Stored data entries
★ ★ ★ ★ ★ ★ ★

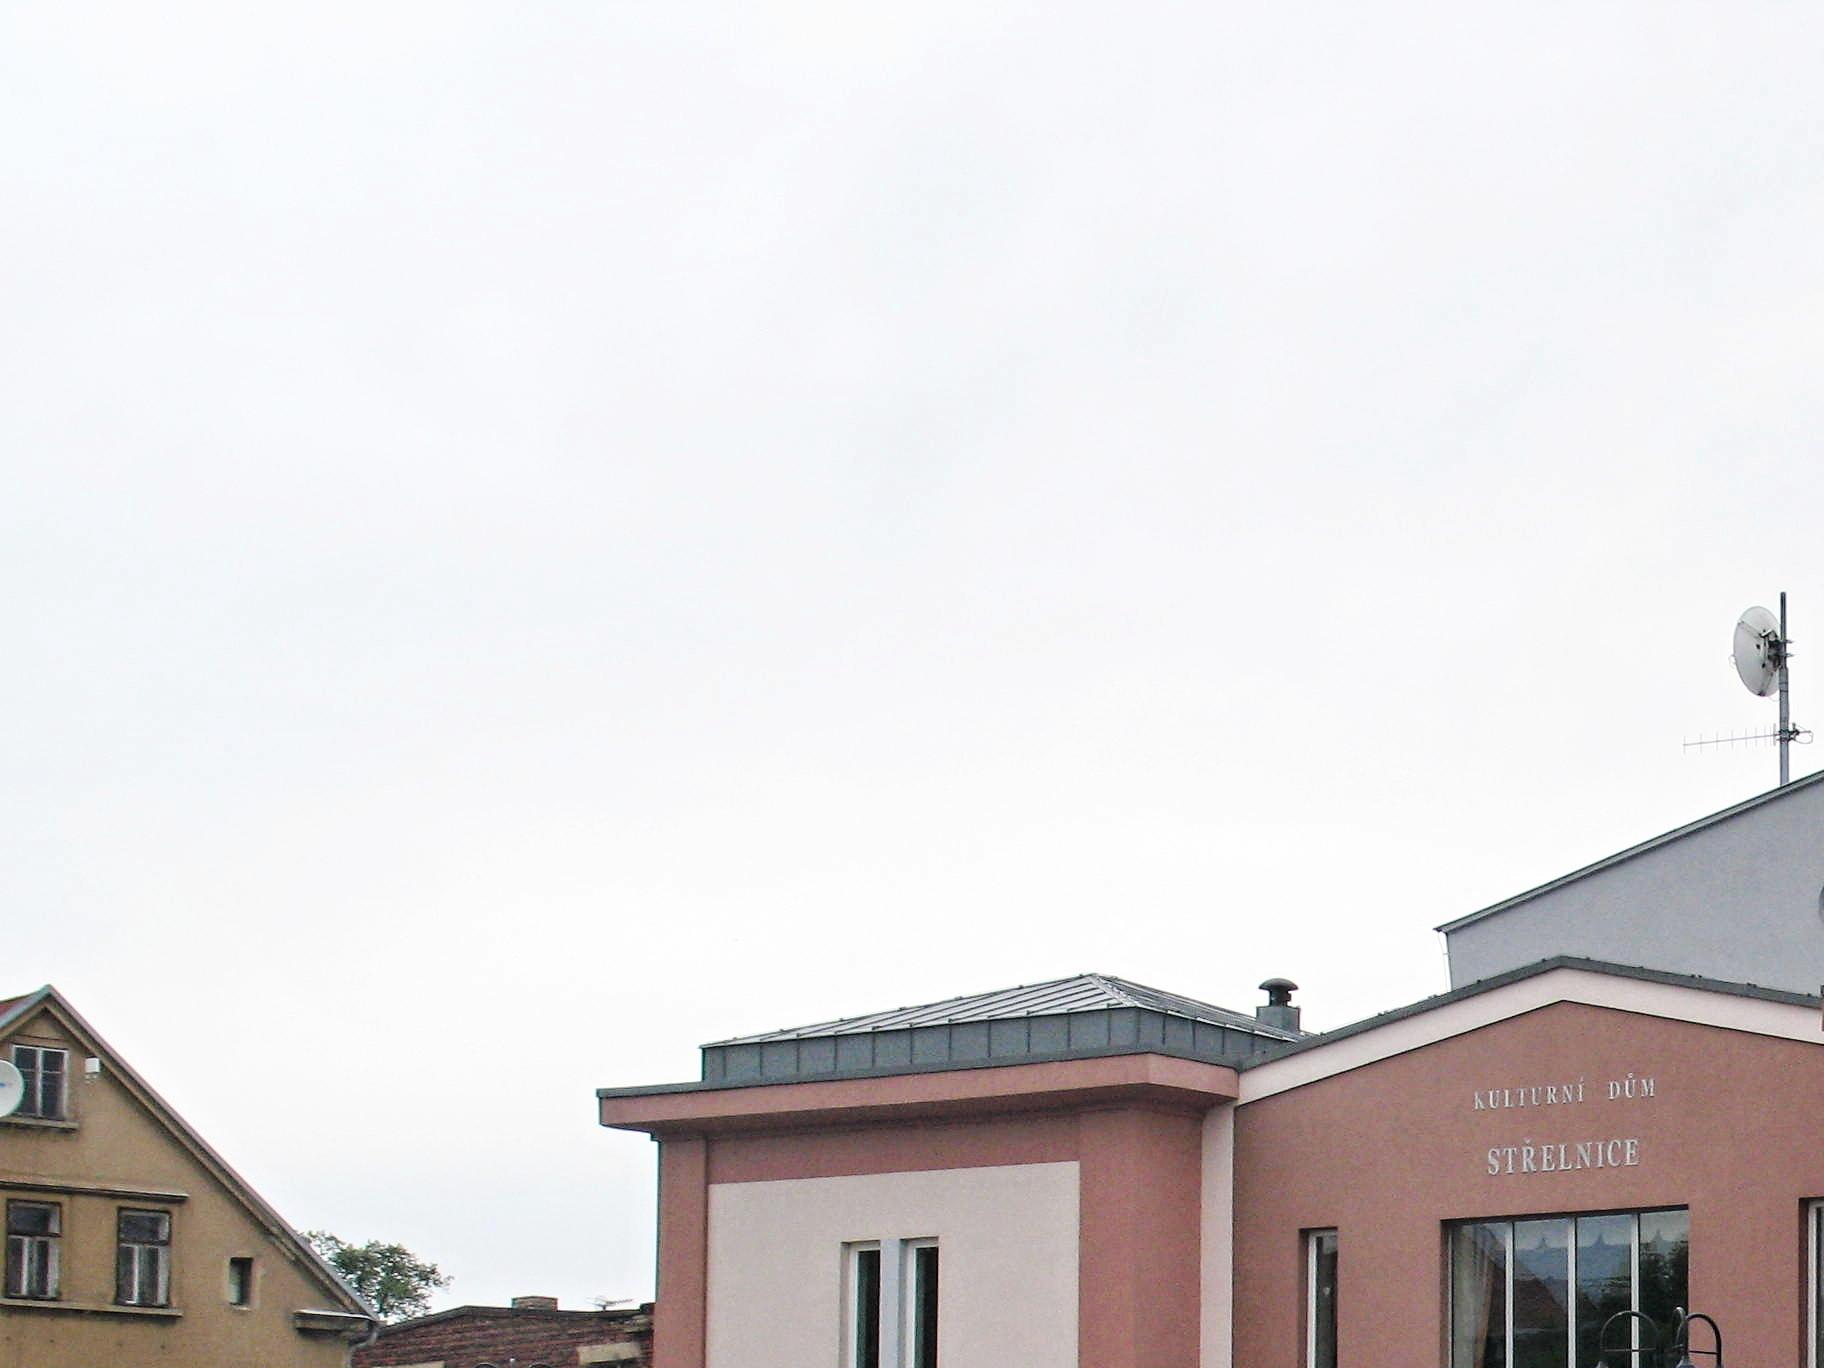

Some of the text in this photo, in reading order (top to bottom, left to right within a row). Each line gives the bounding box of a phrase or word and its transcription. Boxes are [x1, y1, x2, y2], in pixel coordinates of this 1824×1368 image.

[1473, 1072, 1657, 1112] KULTURNÍ DŮM
[1487, 1138, 1641, 1176] STŘELNICE
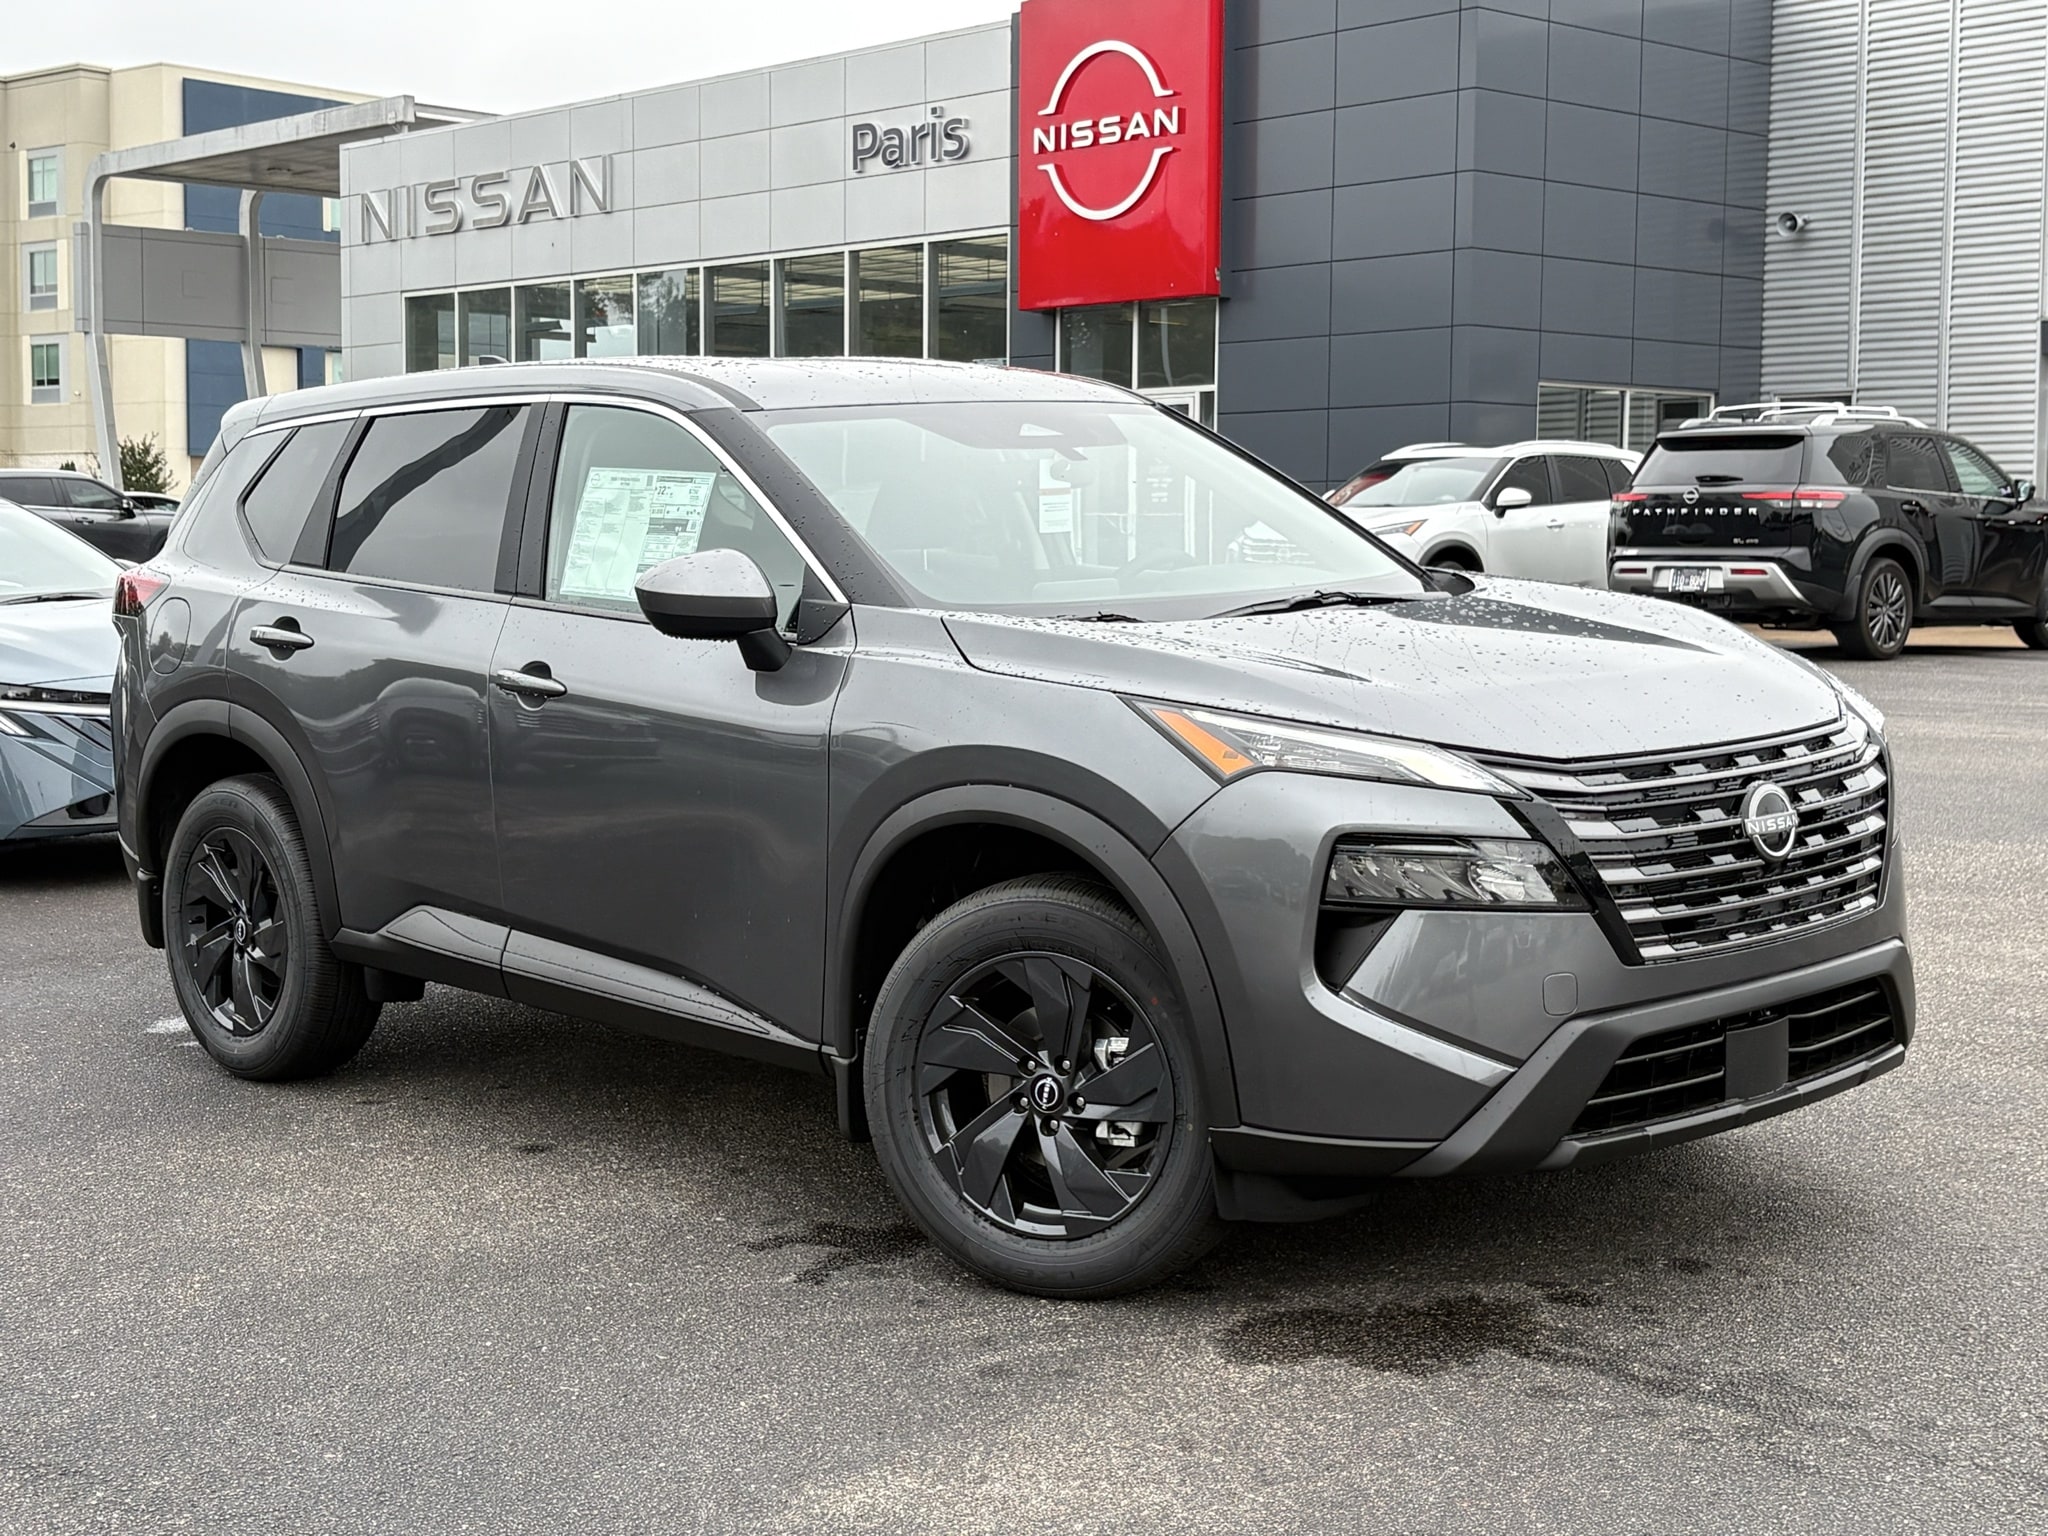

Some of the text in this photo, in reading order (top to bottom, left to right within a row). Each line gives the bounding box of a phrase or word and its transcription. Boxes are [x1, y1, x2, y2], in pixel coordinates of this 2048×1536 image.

[852, 106, 969, 173] Paris
[1033, 106, 1179, 155] NISSAN
[360, 154, 612, 245] NISSAN
[1632, 507, 1758, 516] PATHFINDER
[1747, 813, 1799, 834] NISSAN

★ ★ ★ ★ ★ ★ ★

# What the task asks
Copy the lines above exactly and exclude every image.

# Solved problem
Some of the text in this photo, in reading order (top to bottom, left to right within a row). Each line gives the bounding box of a phrase or word and its transcription. Boxes are [x1, y1, x2, y2], in pixel coordinates of this 1824×1368 image.

[1473, 1072, 1657, 1112] KULTURNÍ DŮM
[1487, 1138, 1641, 1176] STŘELNICE

Some of the text in this photo, in reading order (top to bottom, left to right within a row). Each line gives the bounding box of a phrase or word and its transcription. Boxes are [x1, y1, x2, y2], in pixel coordinates of this 2048×1536 image.

[852, 106, 969, 173] Paris
[1033, 106, 1179, 155] NISSAN
[360, 154, 612, 245] NISSAN
[1632, 507, 1758, 516] PATHFINDER
[1747, 813, 1799, 834] NISSAN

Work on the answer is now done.